▸ **Problem description**
Nothing but an exact repeat of the data, with pictures removed, belongs in the answer.

Supplied entries below:

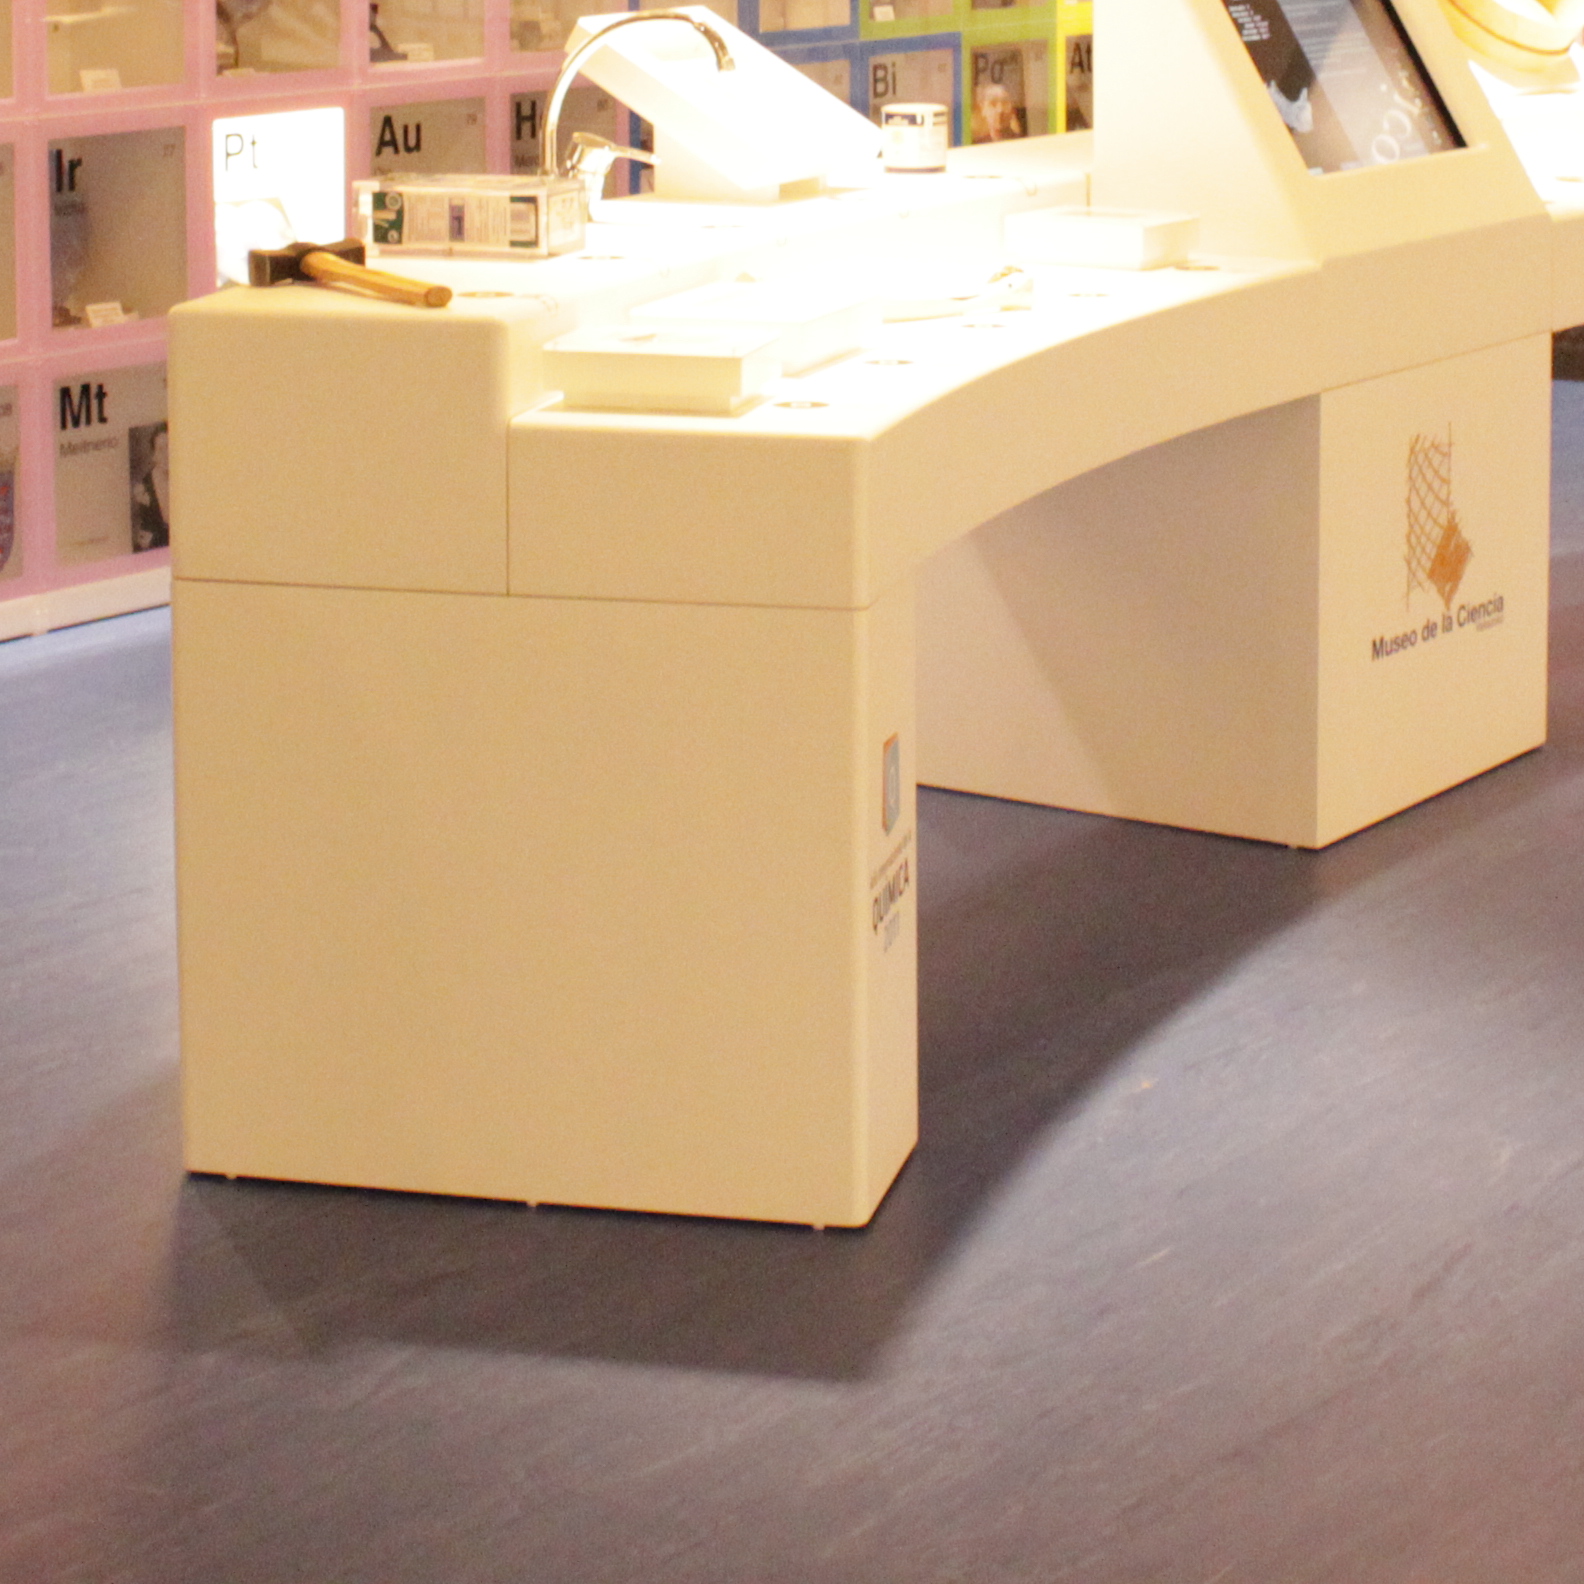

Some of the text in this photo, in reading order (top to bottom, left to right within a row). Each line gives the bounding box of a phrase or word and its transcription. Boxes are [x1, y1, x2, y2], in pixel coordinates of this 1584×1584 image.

[872, 62, 898, 100] Bi
[973, 53, 1005, 86] Po
[223, 133, 258, 172] Pt
[375, 116, 422, 156] Au
[53, 148, 82, 194] Ir
[59, 382, 107, 431] Mt
[1371, 629, 1418, 661] Museo
[1421, 618, 1438, 642] de
[1441, 613, 1453, 633] la
[1457, 593, 1505, 628] Ciencia
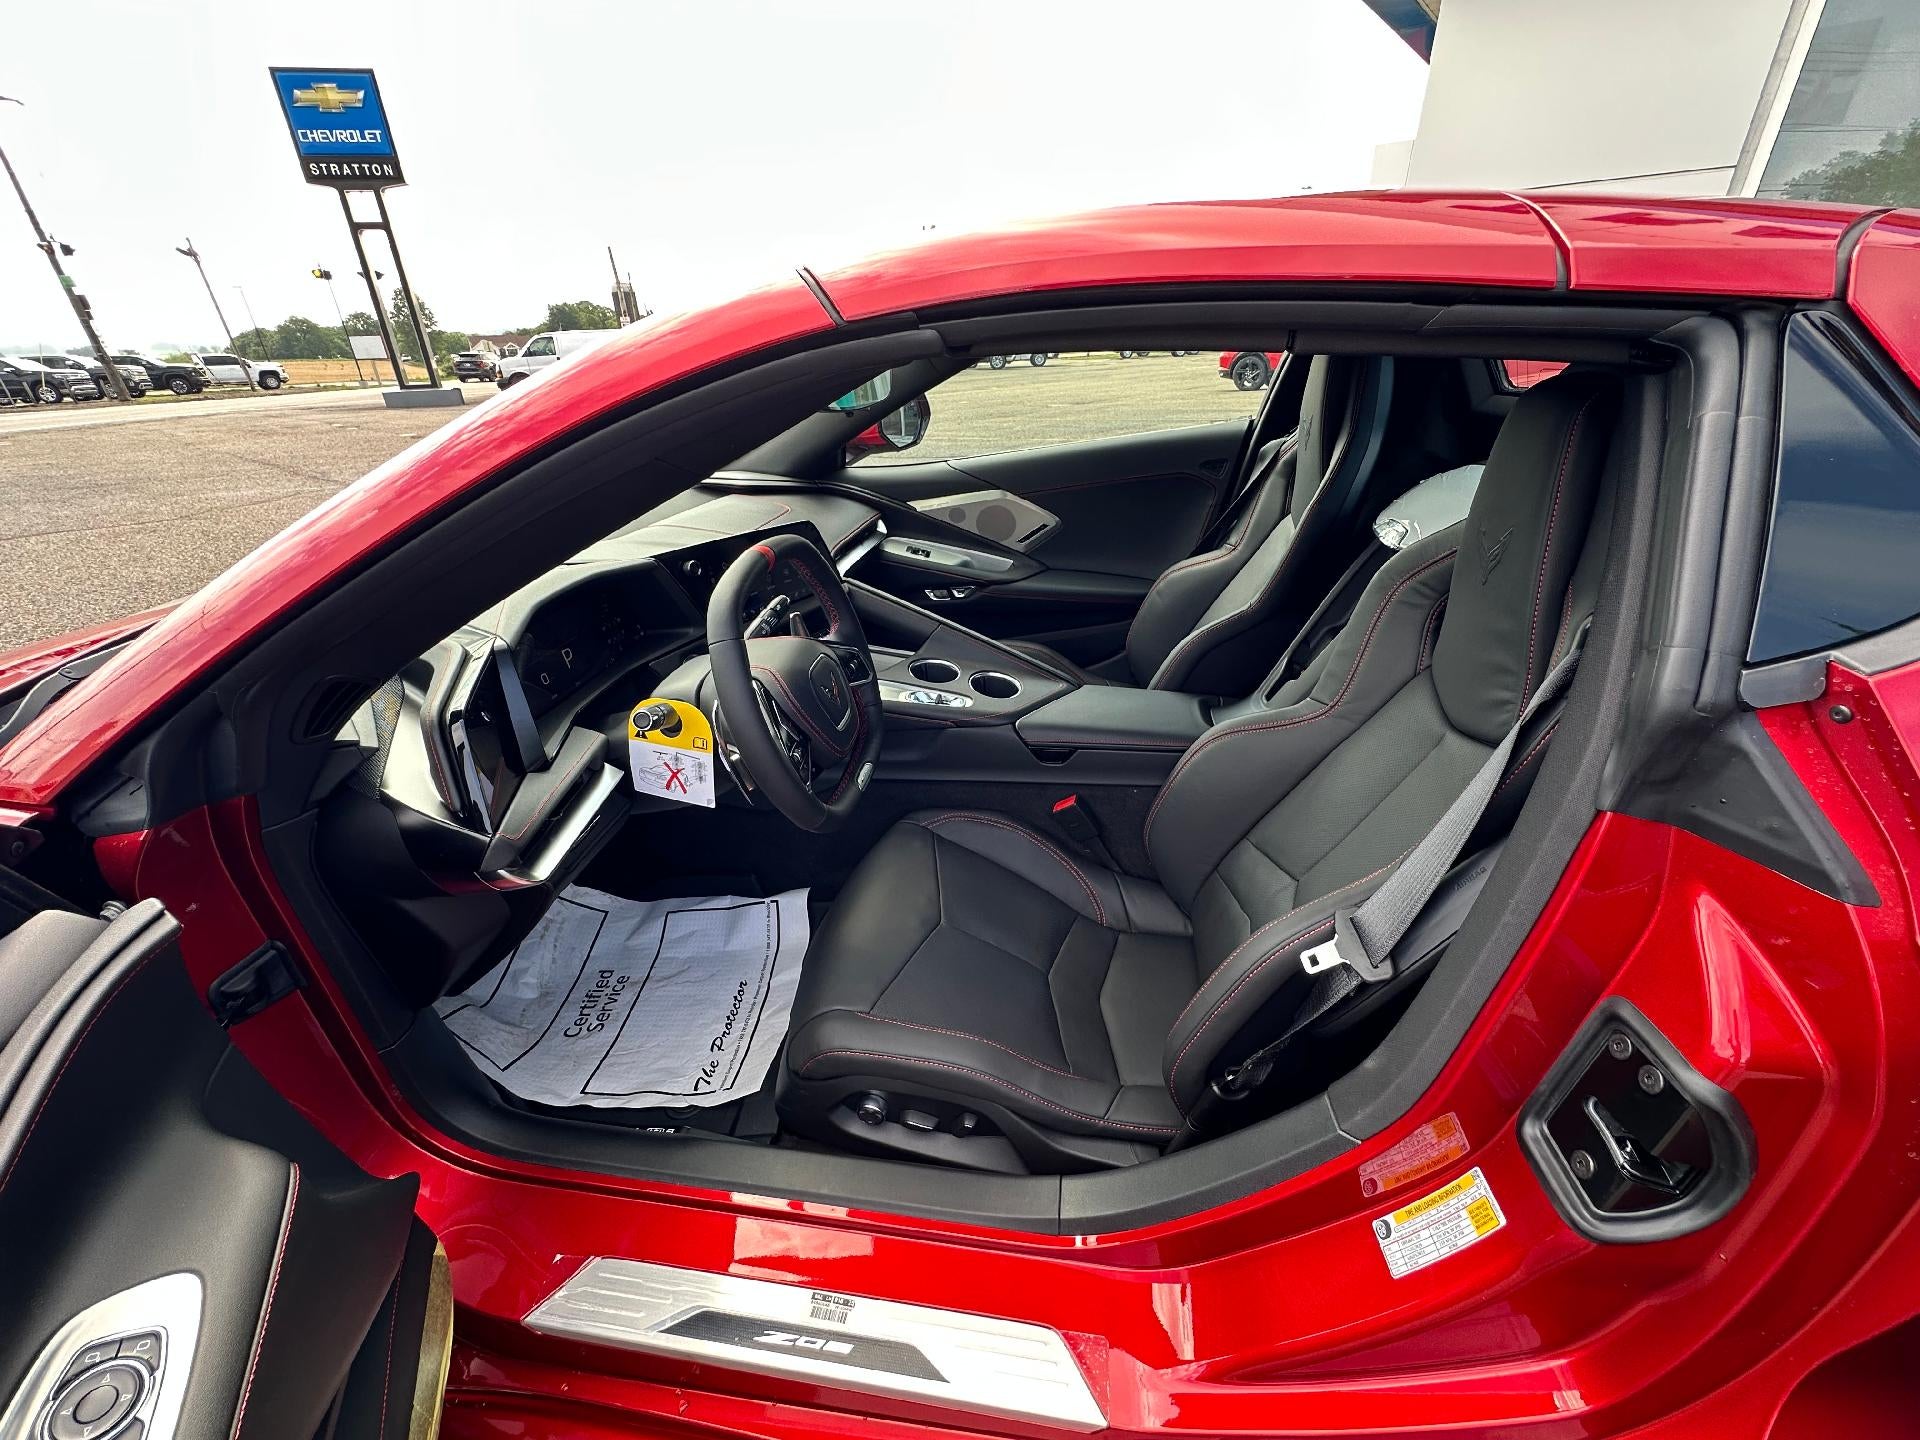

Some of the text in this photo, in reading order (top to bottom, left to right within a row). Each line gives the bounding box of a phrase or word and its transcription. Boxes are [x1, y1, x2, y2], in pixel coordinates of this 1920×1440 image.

[297, 129, 382, 143] CHEVROLET
[309, 163, 394, 176] STRATTON
[561, 648, 573, 669] P
[563, 970, 615, 1037] Certified
[586, 975, 631, 1032] Service
[693, 1059, 719, 1091] The
[710, 979, 748, 1053] Protector
[752, 1330, 855, 1355] Z0
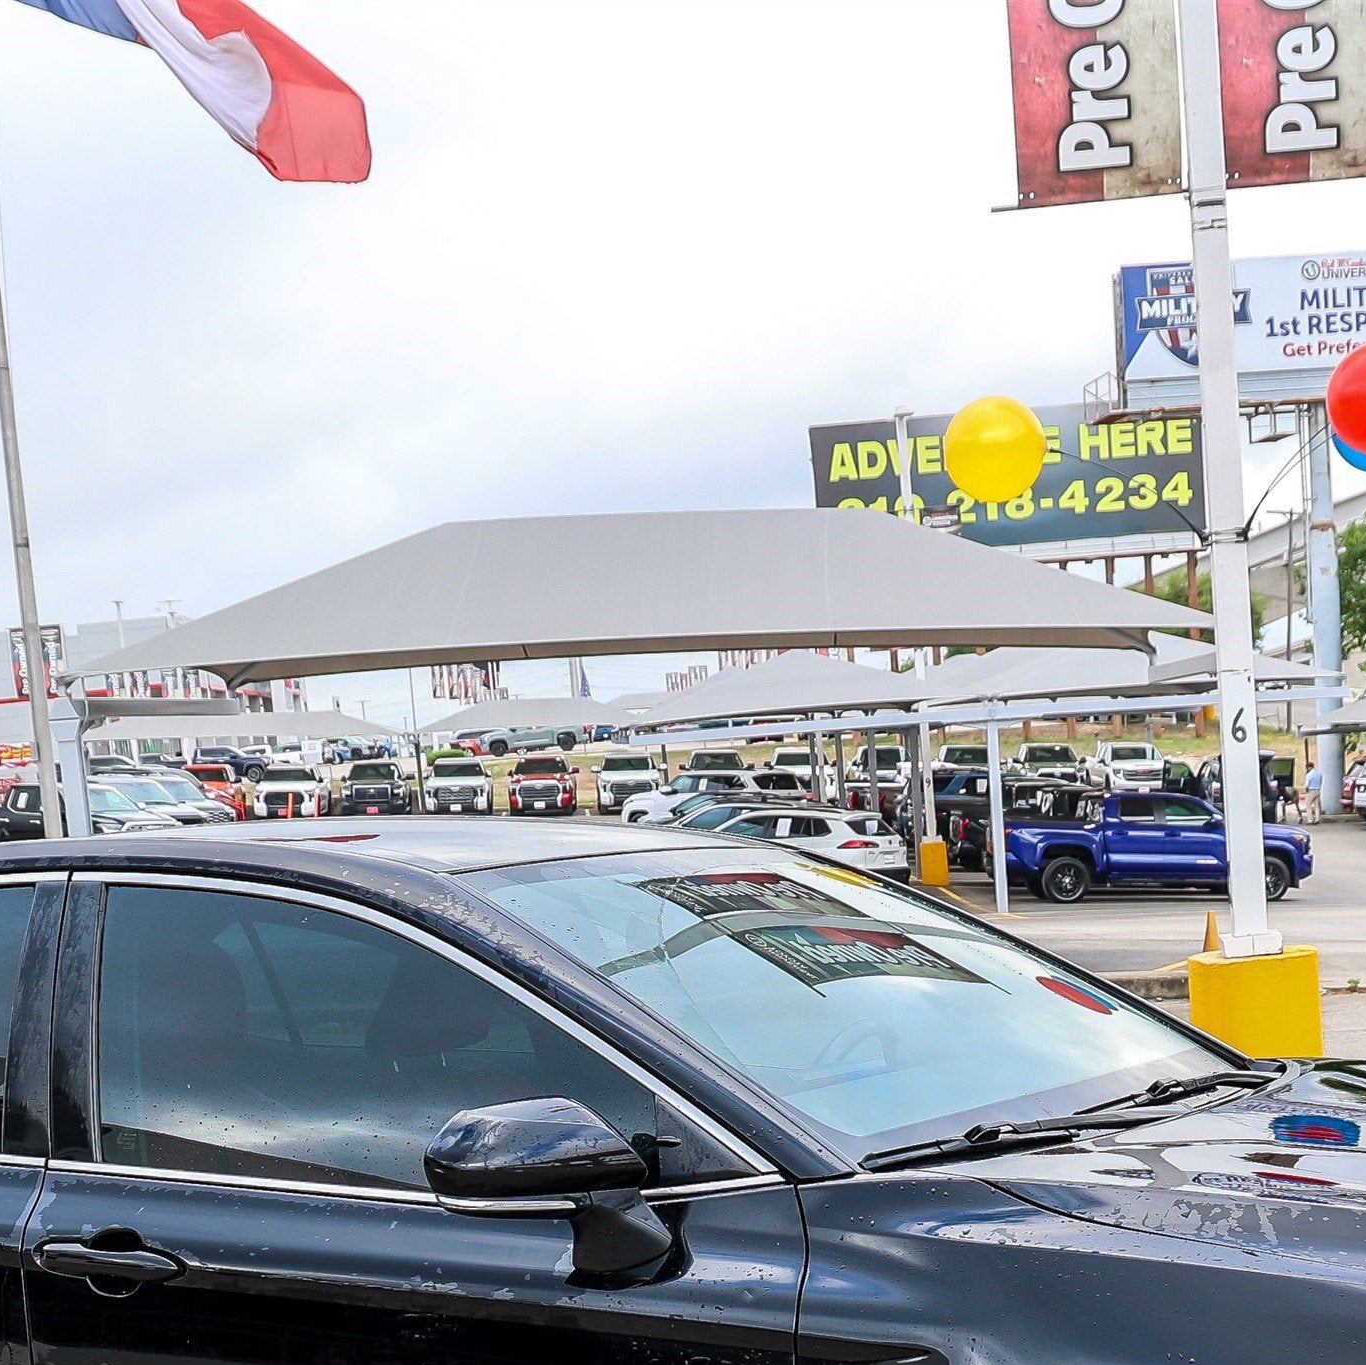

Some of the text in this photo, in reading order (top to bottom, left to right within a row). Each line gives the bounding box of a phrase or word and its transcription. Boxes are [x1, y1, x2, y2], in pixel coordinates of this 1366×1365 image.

[1059, 43, 1131, 173] Pre
[1265, 25, 1339, 155] Pre
[1265, 314, 1301, 338] 1st
[1282, 341, 1314, 358] Get
[1078, 418, 1194, 462] HERE
[1231, 706, 1248, 743] 6

End of Supplied entries.

▸ **Result of the task**
Some of the text in this photo, in reading order (top to bottom, left to right within a row). Each line gives the bounding box of a phrase or word and its transcription. Boxes are [x1, y1, x2, y2], in pixel coordinates of this 1584×1584 image.

[872, 62, 898, 100] Bi
[973, 53, 1005, 86] Po
[223, 133, 258, 172] Pt
[375, 116, 422, 156] Au
[53, 148, 82, 194] Ir
[59, 382, 107, 431] Mt
[1371, 629, 1418, 661] Museo
[1421, 618, 1438, 642] de
[1441, 613, 1453, 633] la
[1457, 593, 1505, 628] Ciencia

Some of the text in this photo, in reading order (top to bottom, left to right within a row). Each line gives the bounding box of a phrase or word and its transcription. Boxes are [x1, y1, x2, y2], in pixel coordinates of this 1920×1440 image.

[297, 129, 382, 143] CHEVROLET
[309, 163, 394, 176] STRATTON
[561, 648, 573, 669] P
[563, 970, 615, 1037] Certified
[586, 975, 631, 1032] Service
[693, 1059, 719, 1091] The
[710, 979, 748, 1053] Protector
[752, 1330, 855, 1355] Z0

Some of the text in this photo, in reading order (top to bottom, left to right within a row). Each line gives the bounding box of a phrase or word and its transcription. Boxes are [x1, y1, x2, y2], in pixel coordinates of this 1366×1365 image.

[1059, 43, 1131, 173] Pre
[1265, 25, 1339, 155] Pre
[1265, 314, 1301, 338] 1st
[1282, 341, 1314, 358] Get
[1078, 418, 1194, 462] HERE
[1231, 706, 1248, 743] 6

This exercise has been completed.